**HOW TO COMPLETE THIS TASK**: Images excluded, repeat each entry below exactly.

(Collected data)
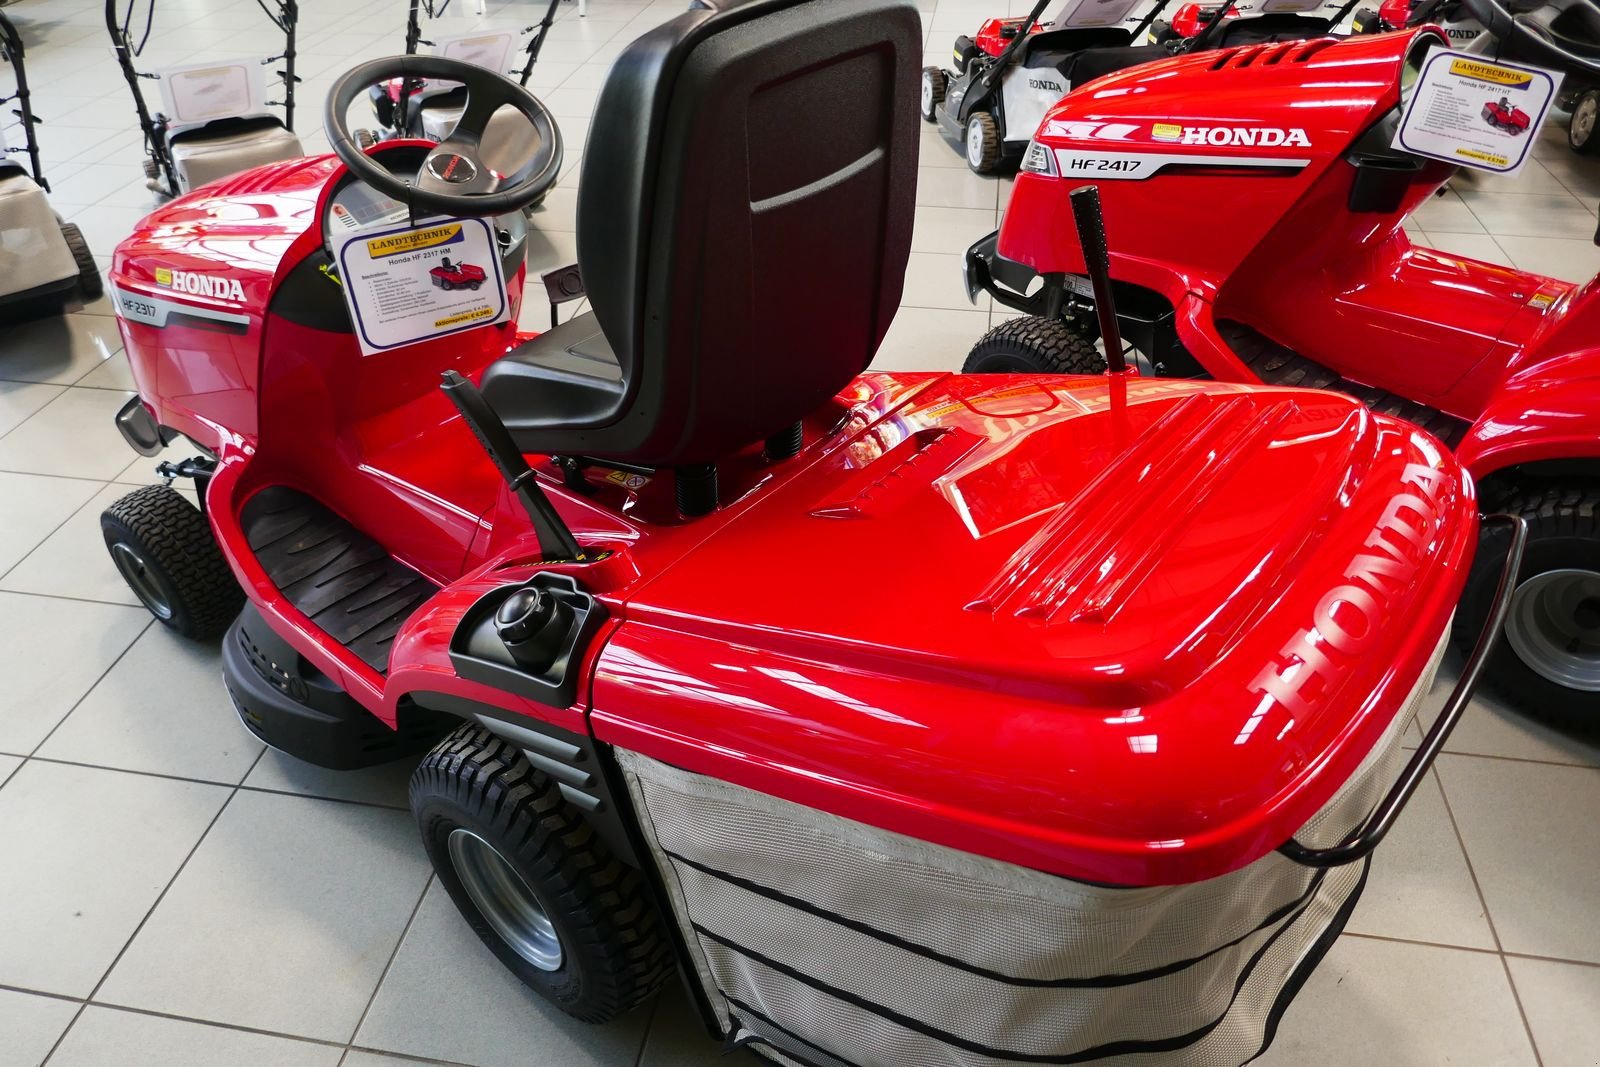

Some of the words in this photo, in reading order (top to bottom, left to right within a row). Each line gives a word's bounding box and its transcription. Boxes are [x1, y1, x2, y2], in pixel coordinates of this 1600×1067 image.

[1444, 28, 1481, 39] ONDA
[1455, 61, 1523, 82] LANDTECHNIK
[1181, 127, 1312, 147] HONDA
[1071, 158, 1096, 170] HF
[1097, 159, 1142, 172] 2417
[370, 227, 452, 250] LANDTECHNIK
[388, 255, 411, 266] Honda
[411, 253, 422, 262] HF
[423, 250, 439, 260] 2317
[440, 247, 452, 256] HM
[172, 270, 248, 302] HONDA
[122, 298, 134, 311] HF
[134, 302, 157, 317] 2317
[1246, 462, 1449, 718] HONDA
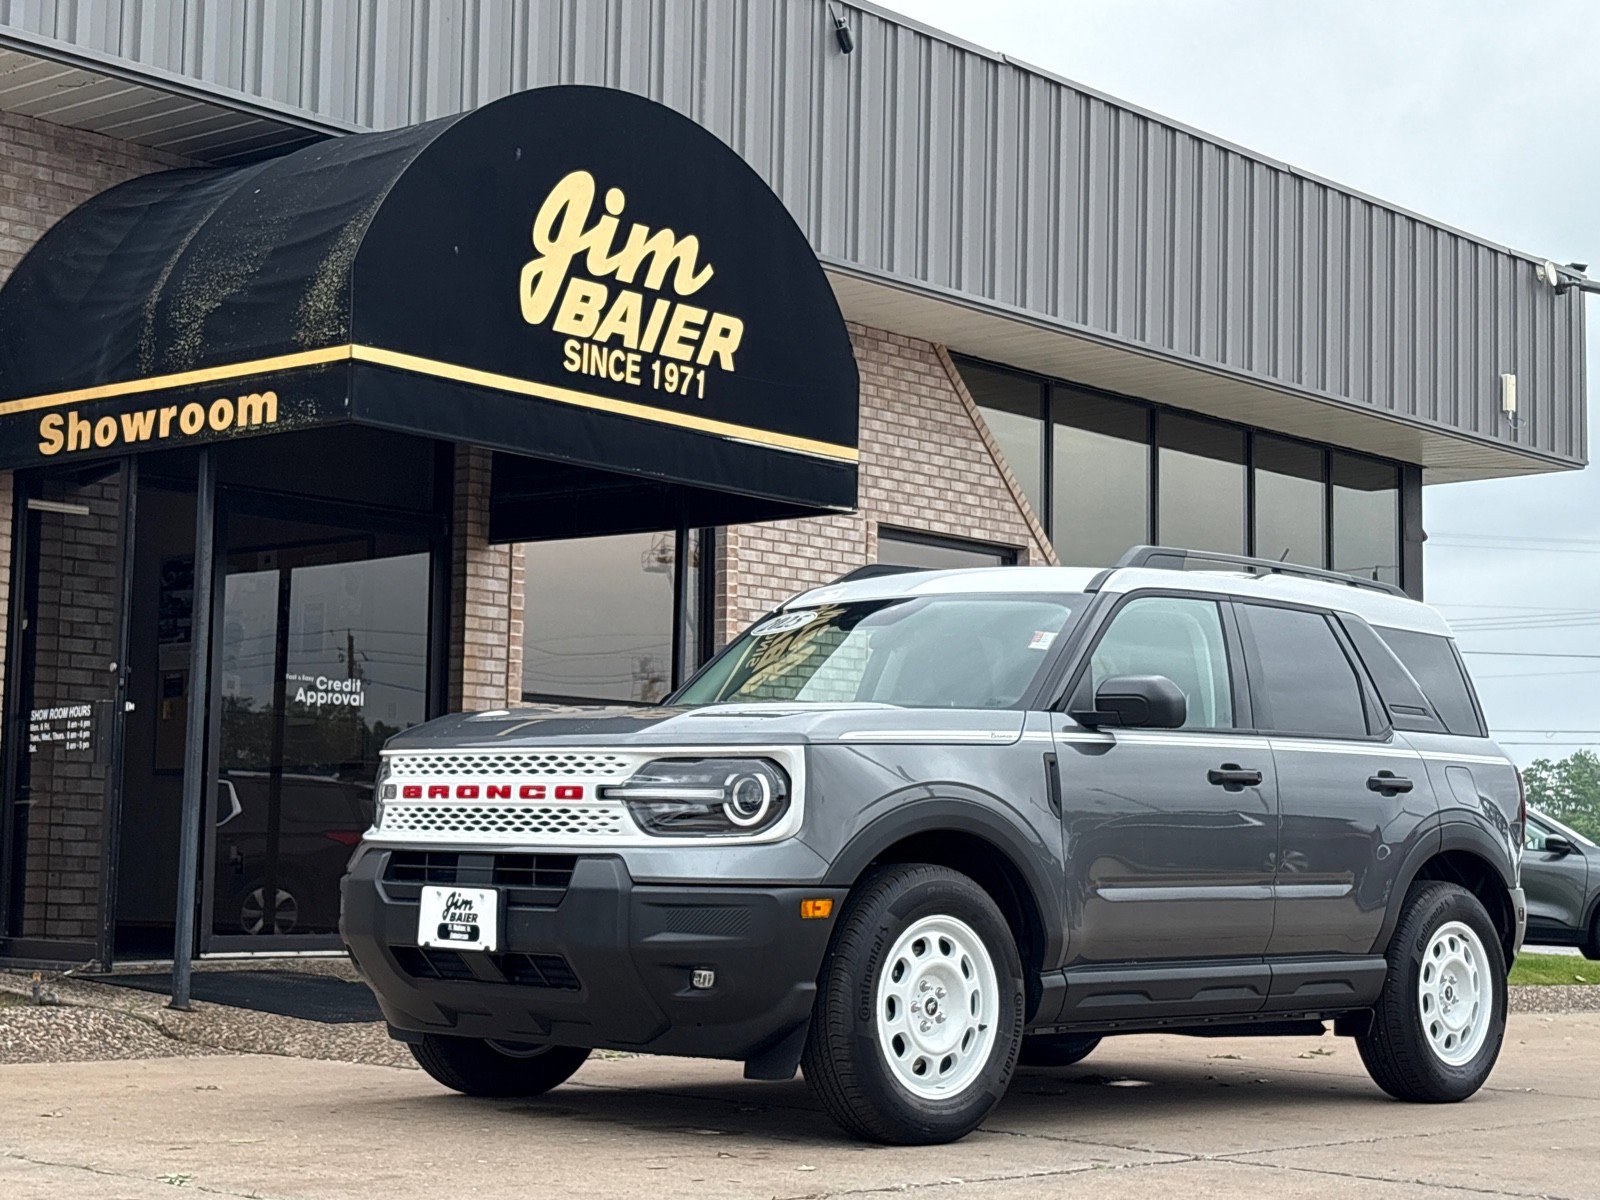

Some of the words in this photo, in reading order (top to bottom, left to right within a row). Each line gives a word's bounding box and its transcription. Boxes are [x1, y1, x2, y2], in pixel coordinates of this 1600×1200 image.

[520, 170, 714, 325] Jim
[552, 277, 744, 372] BAIER
[563, 339, 642, 386] SINCE
[652, 360, 706, 400] 1971
[38, 391, 279, 456] Showroom
[295, 687, 364, 707] Approval
[316, 676, 361, 693] Credit
[31, 709, 49, 721] SHOW
[50, 707, 69, 719] ROOM
[69, 705, 91, 717] HOURS
[402, 785, 584, 800] BRONCO
[442, 891, 473, 921] Jim
[449, 912, 479, 923] BAIER
[1416, 901, 1445, 952] Continental
[859, 934, 885, 1021] Continental
[1003, 992, 1023, 1076] Continental

**RESPONSE TO THE TASK**:
Some of the words in this photo, in reading order (top to bottom, left to right within a row). Each line gives a word's bounding box and its transcription. Boxes are [x1, y1, x2, y2], in pixel coordinates of this 1600×1067 image.

[1444, 28, 1481, 39] ONDA
[1455, 61, 1523, 82] LANDTECHNIK
[1181, 127, 1312, 147] HONDA
[1071, 158, 1096, 170] HF
[1097, 159, 1142, 172] 2417
[370, 227, 452, 250] LANDTECHNIK
[388, 255, 411, 266] Honda
[411, 253, 422, 262] HF
[423, 250, 439, 260] 2317
[440, 247, 452, 256] HM
[172, 270, 248, 302] HONDA
[122, 298, 134, 311] HF
[134, 302, 157, 317] 2317
[1246, 462, 1449, 718] HONDA

Some of the words in this photo, in reading order (top to bottom, left to right within a row). Each line gives a word's bounding box and its transcription. Boxes are [x1, y1, x2, y2], in pixel coordinates of this 1600×1200 image.

[520, 170, 714, 325] Jim
[552, 277, 744, 372] BAIER
[563, 339, 642, 386] SINCE
[652, 360, 706, 400] 1971
[38, 391, 279, 456] Showroom
[295, 687, 364, 707] Approval
[316, 676, 361, 693] Credit
[31, 709, 49, 721] SHOW
[50, 707, 69, 719] ROOM
[69, 705, 91, 717] HOURS
[402, 785, 584, 800] BRONCO
[442, 891, 473, 921] Jim
[449, 912, 479, 923] BAIER
[1416, 901, 1445, 952] Continental
[859, 934, 885, 1021] Continental
[1003, 992, 1023, 1076] Continental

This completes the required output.